In the end I played safe and didn't buy it. But this can't be what the record industry wants. It's worse even than if I had bought an unprotected CD and made copies for friends, because one CD fewer has been sold, and nobody in my circle is being encouraged to buy the band's releases by listening to copies made for them.

It was only once I got home that I realised what I needed: a way to take the output of my hi-fi's CD player and turn it into a digital form that I could control. Then I could make an MP3 version of the album and load it up, leaving everyone happy.

For that you need some hardware that will do analogue-to-digital conversion. For me, the ideal was the Griffin iMic, which costs £35+VAT ($35/£21 in the US). You can plug a small stereo headphone-style cable into it from your hi-fi (ideally, from the tape outputs; cables are available in good hi-fi shops), and it will take that analogue input and convert it into a stream of bits at CD-quality (44kHz, 16-bit sampling) and pipe it into your computer's USB port. It works perfectly (no drivers required) with Windows XP and Apple Macs.

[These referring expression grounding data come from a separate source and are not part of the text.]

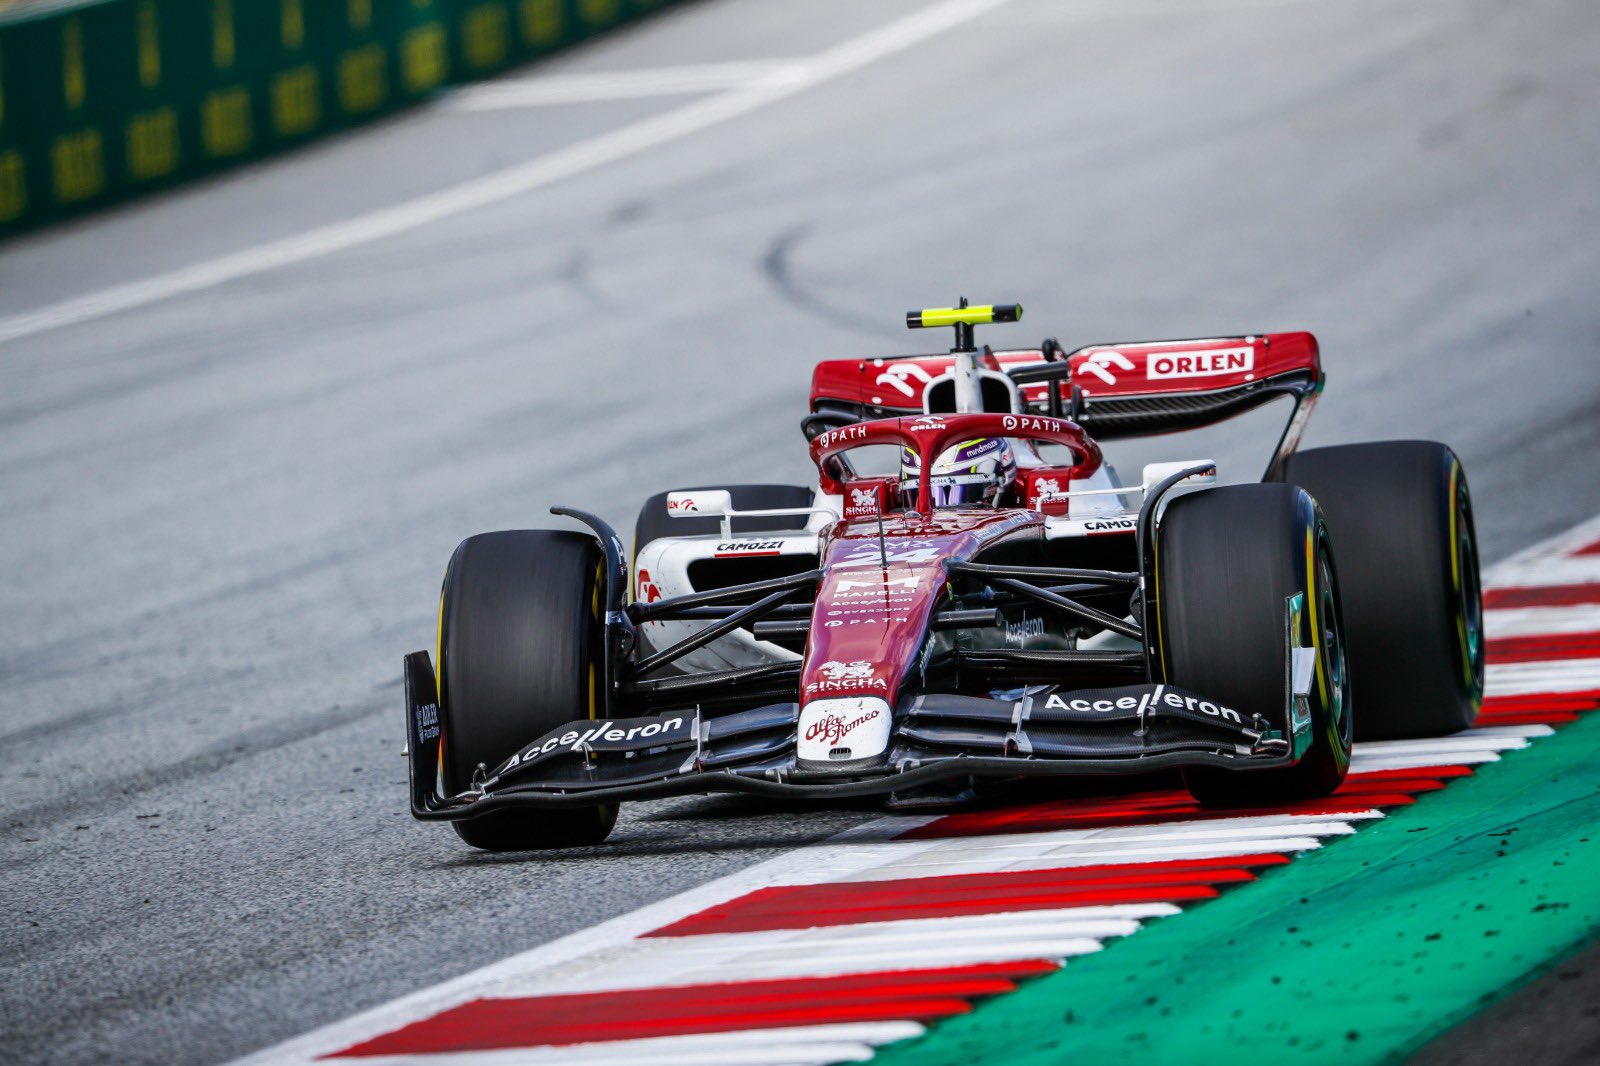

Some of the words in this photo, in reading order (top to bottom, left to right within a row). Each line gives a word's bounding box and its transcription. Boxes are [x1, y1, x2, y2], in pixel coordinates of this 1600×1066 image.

[1155, 353, 1246, 375] ORLEN
[910, 424, 947, 432] ORLEN
[1021, 418, 1060, 432] PATH
[831, 426, 867, 443] PATH
[966, 440, 998, 458] mindmaze
[1084, 520, 1137, 530] CAMO
[717, 541, 785, 551] CAMOZZI
[831, 548, 940, 568] 24
[833, 589, 917, 598] MARELLI
[850, 617, 908, 625] PATH
[806, 678, 888, 693] SINGHA
[805, 714, 846, 743] Alfa
[827, 710, 880, 745] Romeo

All you need then is some software to capture that stream. Whether you want to remix the music, tweak it, or whatever, you're sure to find something to suit your personal taste – free? shareware? commercial? – at the Shareware Music Machine (www.hitsquad.com/smm/).

This method also has the benefit that you can capture music trapped on vinyl before it turns to sludge. (Some recording software will help edit out the pops, crackles and rumble that are vinyl's trademarks.)

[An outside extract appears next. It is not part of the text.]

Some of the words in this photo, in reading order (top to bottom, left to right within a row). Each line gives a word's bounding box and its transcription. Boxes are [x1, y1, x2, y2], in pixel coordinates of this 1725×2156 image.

The only drawback of the whole process is that unlike "ripping" a CD into MP3, which can be done many times faster than you can listen to the tracks, this can only be done in real time. Yes, you'll actually have to listen to the music that you bought.

Which all means that all that's left for me to do is to go back to that shop and buy the Foo Fighters album. I'll just have to hope that the record label hasn't done its usual trick of releasing two great tracks as singles, to disguise an album of duds. That sort of thing can really turn buyers off, you know. They might even stop buying CDs.

Griffin iMic: contact AM Micro (www.ammicro.co.uk); Shareware Music Machine: www.hitsquad.com/smm/

In my column of 13 Jan, the details provided for the city guide Vindigo were wrong. The free trial lasts for 30 days (not seven), and the program costs $24.95 (£15) for an annual subscription or $3.50 (£2) per month for a monthly subscription (not $35/£21 annually). Apologies.